Still a physical force at 33, few have questioned whether Jerome Kaino is nearing the end of his days in black.
But set to start at lock for the first time in a 75-test career, perhaps Kaino could even be entering a new phase in his illustrious career.
That's the view of captain Kieran Read ahead of the All Blacks' encounter with Ireland in Chicago tomorrow morning, a match that will see Kaino swap his usual No 6 jersey for the No 5.
That switch has been borne out of unforeseen circumstances, with Sam Whitelock and Brodie Retallick laid low by injury, Luke Romano returning home following a bereavement and the uncapped Scott Barrett deemed too green to face the Irish.
But for Kaino, who since 2014 has occasionally covered lock for the All Blacks, it could still be the start of something.
Read, after all, has seen it happen before, notably with former team-mate Brad Thorne and former Crusaders coach Todd Blackadder. Loosies, when Father Time takes its toll, can enjoy second lives by moving into the tight forwards.
So if Kaino ever loses half a step - and right now that seems like a serious 'if' - perhaps he could remain in the All Blacks environment in a new role.
"It's his first start in a foreign jersey for him, but he's excited by it," Read said after yesterday's captain's run at Soldier Field. "He's been willing to do anything this week for the boys and he's actually got a zip in his step, too, so that's awesome to see.

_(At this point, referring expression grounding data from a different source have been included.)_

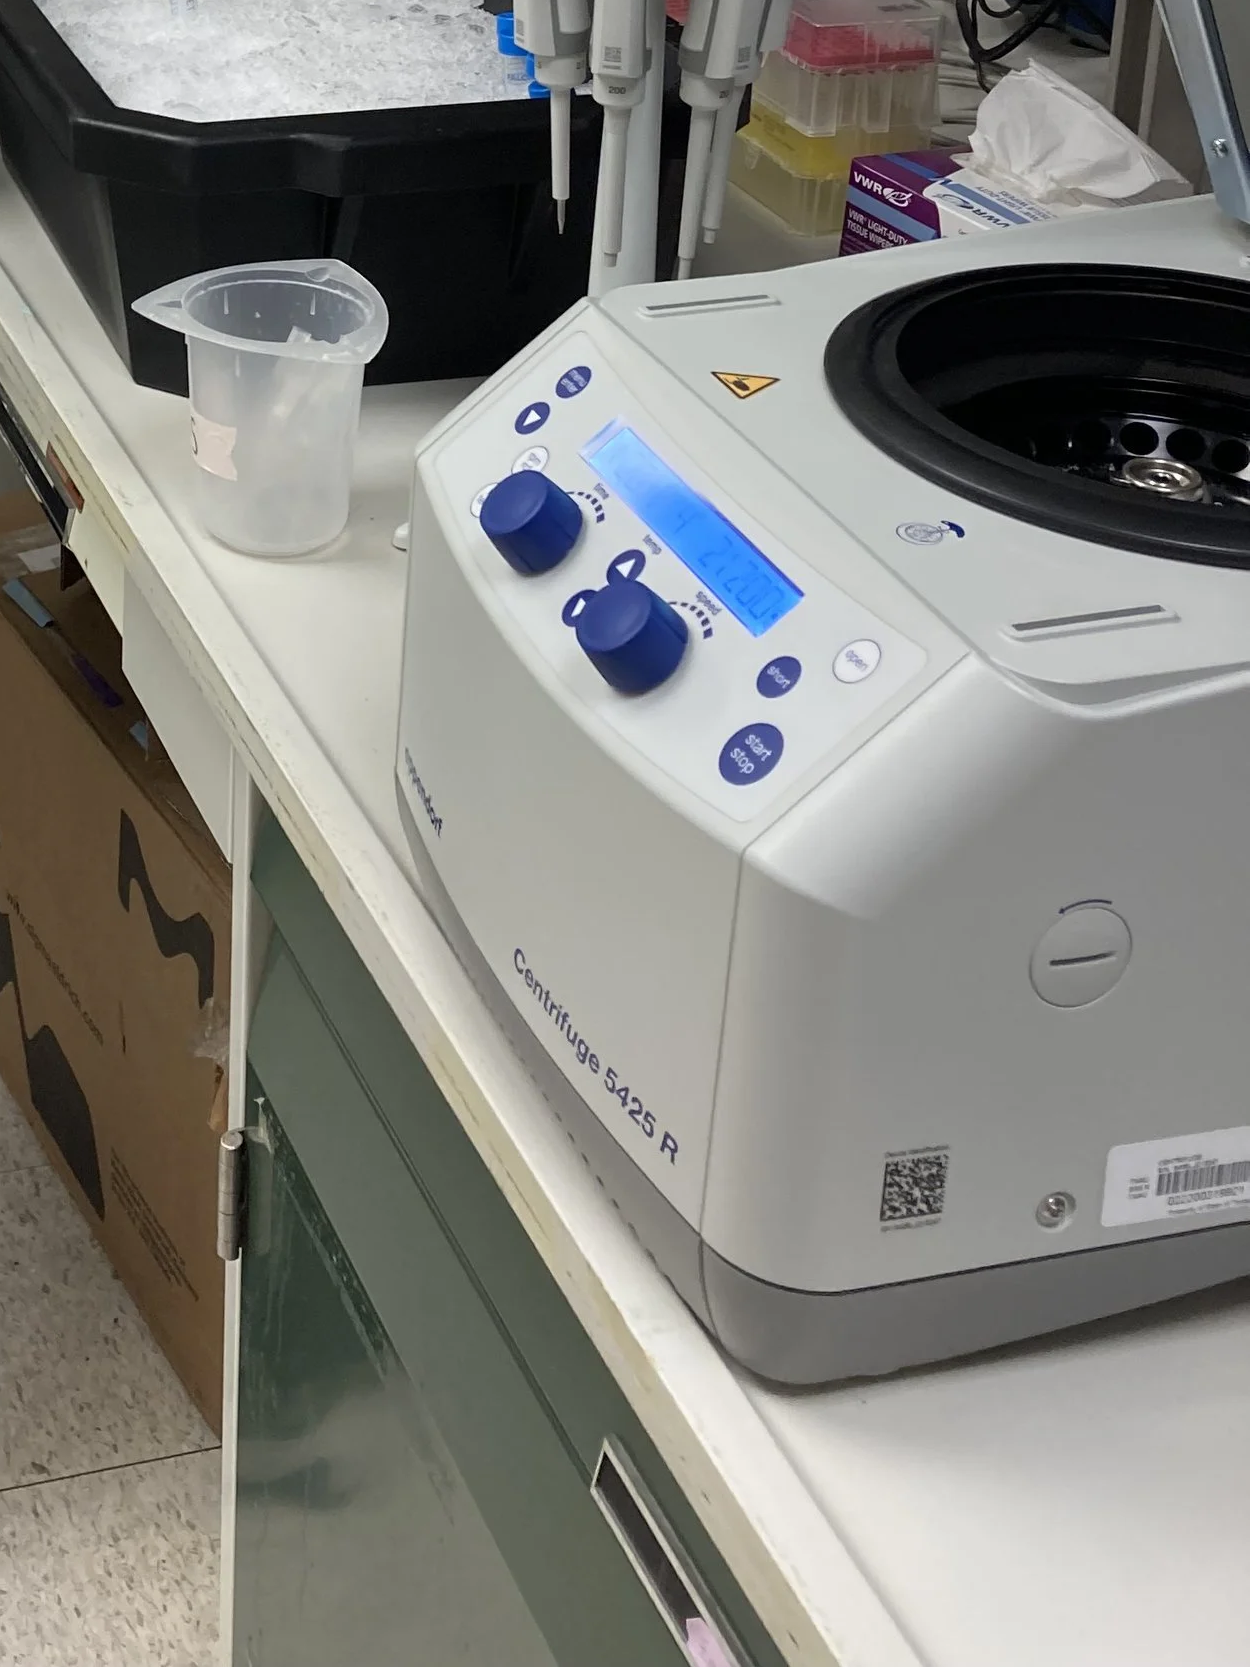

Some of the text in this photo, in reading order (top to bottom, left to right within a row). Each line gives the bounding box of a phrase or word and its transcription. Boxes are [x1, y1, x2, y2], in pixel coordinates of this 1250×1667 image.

[608, 86, 627, 95] 200
[853, 171, 883, 194] VWR
[846, 219, 869, 239] TISSUE
[867, 219, 908, 246] LIGHT-DUTY
[642, 534, 662, 556] temp
[695, 591, 722, 616] speed
[845, 650, 870, 672] open
[767, 665, 791, 689] short
[745, 734, 772, 762] start
[730, 747, 755, 774] stop
[513, 947, 679, 1165] Centrifuge 5425 R

"It's like Todd Blackadder, moving out of the loosies and into the forwards. If it extends his career, it could be a good thing for him."
It's difficult to imagine Kaino as a fulltime lock, although height is not an issue. At 1.96m, he's taller than Thorn, Blackadder and the regular target of Read. It's more that, in Retallick (25) and Whitelock (28), the regular starting combination is going nowhere.

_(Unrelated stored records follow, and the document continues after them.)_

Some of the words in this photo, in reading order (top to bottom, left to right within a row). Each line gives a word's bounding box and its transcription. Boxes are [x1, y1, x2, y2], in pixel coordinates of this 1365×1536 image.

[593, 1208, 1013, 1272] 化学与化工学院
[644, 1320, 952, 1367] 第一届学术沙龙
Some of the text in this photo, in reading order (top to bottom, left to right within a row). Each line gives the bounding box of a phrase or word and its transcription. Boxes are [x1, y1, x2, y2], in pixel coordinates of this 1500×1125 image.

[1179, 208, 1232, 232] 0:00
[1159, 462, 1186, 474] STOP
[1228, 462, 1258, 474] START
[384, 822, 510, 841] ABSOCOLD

But if Kaino ever loses his iron grip on the blindside flanker position, he would certainly hold appeal as a substitute who can cover multiple positions. Which, unfortunately for him, means he will have to become accustomed a little extra pain.
"His ears are a bit sore this week," Read said. "He's had a few extra scrummaging sessions to keep him working. But he's excited by the challenge and really looking forward to the game."

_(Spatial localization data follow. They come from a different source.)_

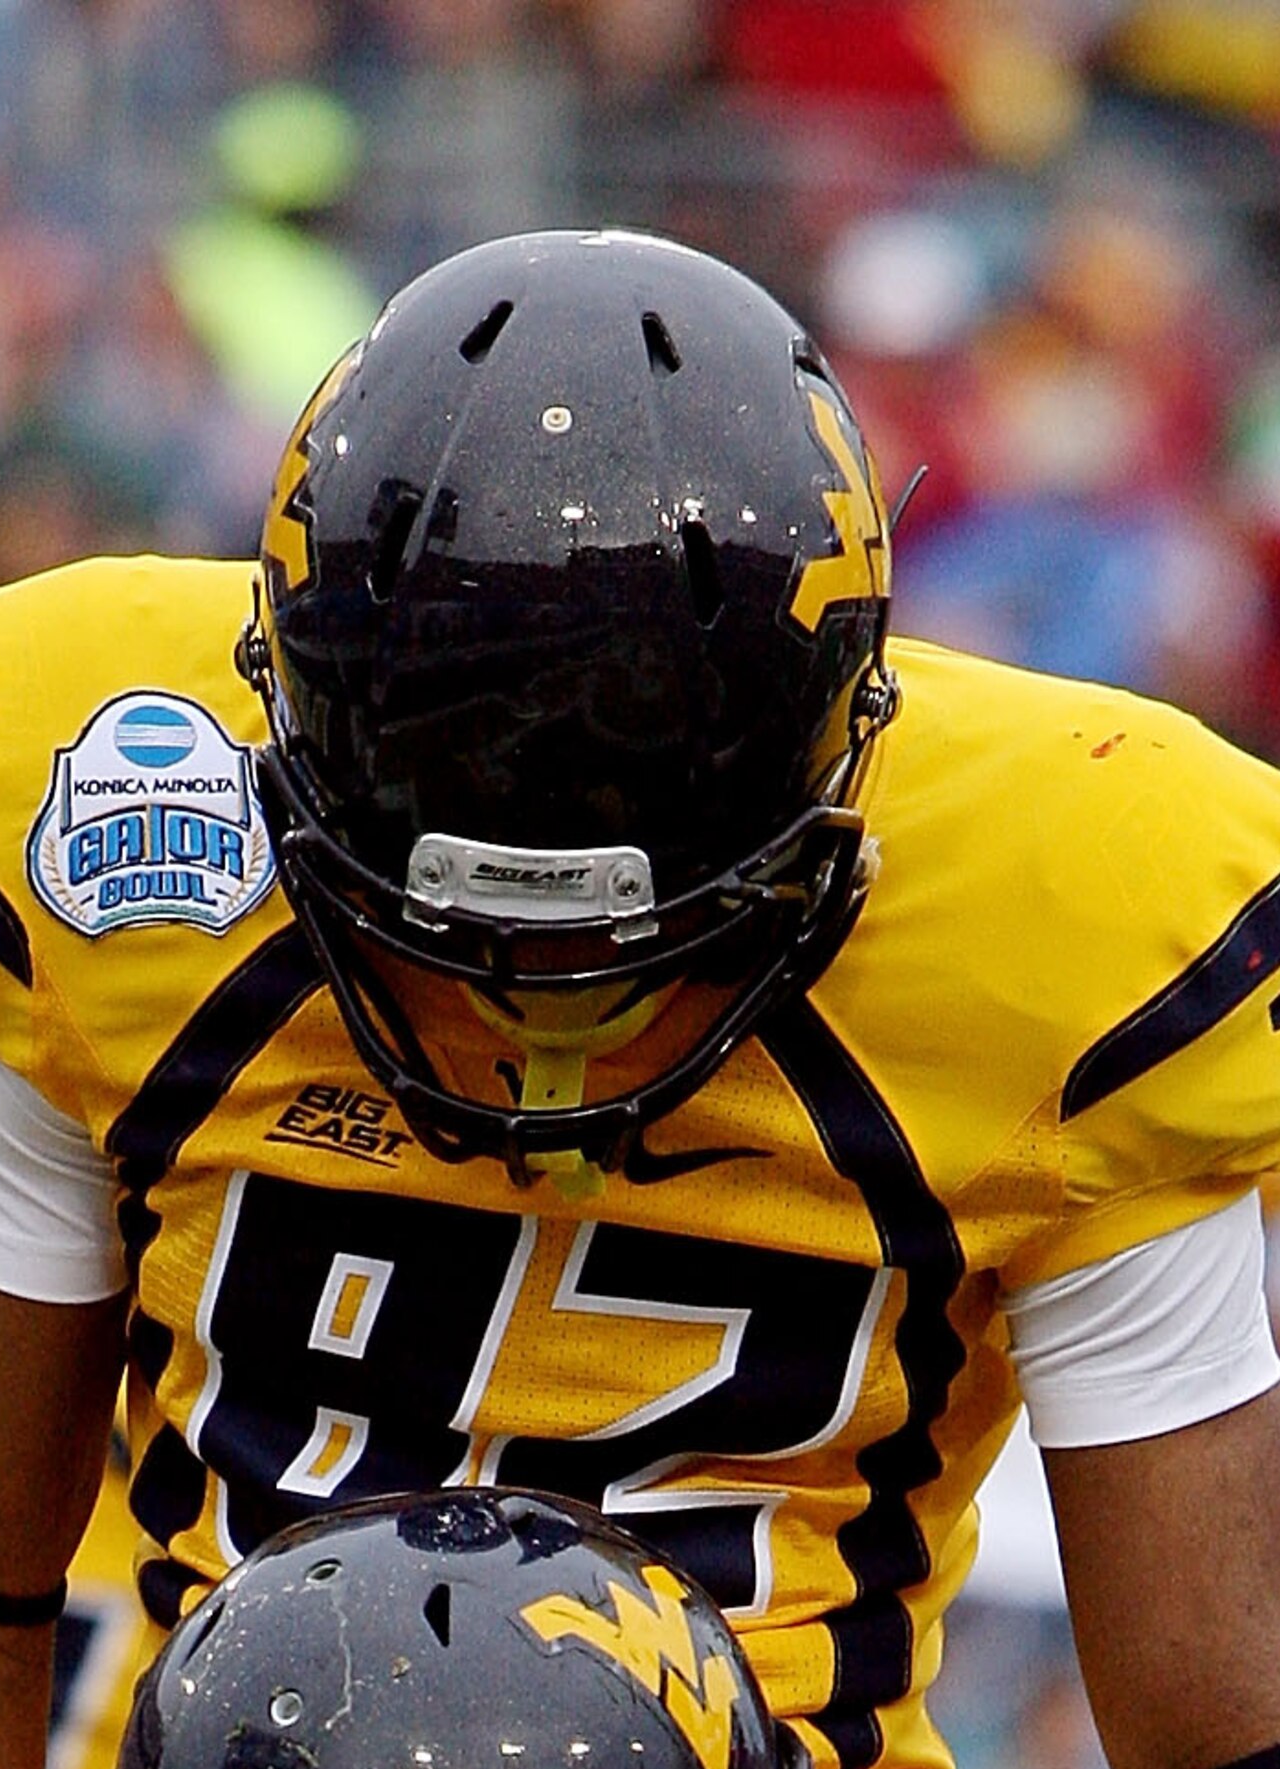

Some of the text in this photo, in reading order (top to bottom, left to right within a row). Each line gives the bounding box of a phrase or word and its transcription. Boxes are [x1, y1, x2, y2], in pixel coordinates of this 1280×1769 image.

[74, 776, 238, 796] KONICA MINOLTA
[67, 804, 245, 886] GATOR
[97, 870, 219, 911] BOWL
[297, 1083, 394, 1124] BIG
[276, 1105, 413, 1157] EAST
[185, 1170, 908, 1620] 82

One challenge Kaino and the rest of the pack will face tomorrow is rather daunting. At 2.10m, Irish lock Devin Toner will certainly hold a height advantage over Kaino and Patrick Tuipulotu, but Read is confident his side can cope with the threat.
"It doesn't change in terms of how we're going to approach our lineouts," Read said. "But certainly on their ball, he's a big target for them. He takes the majority of their ball, so we've just got to be able to get up and put as much pressure as we can on him."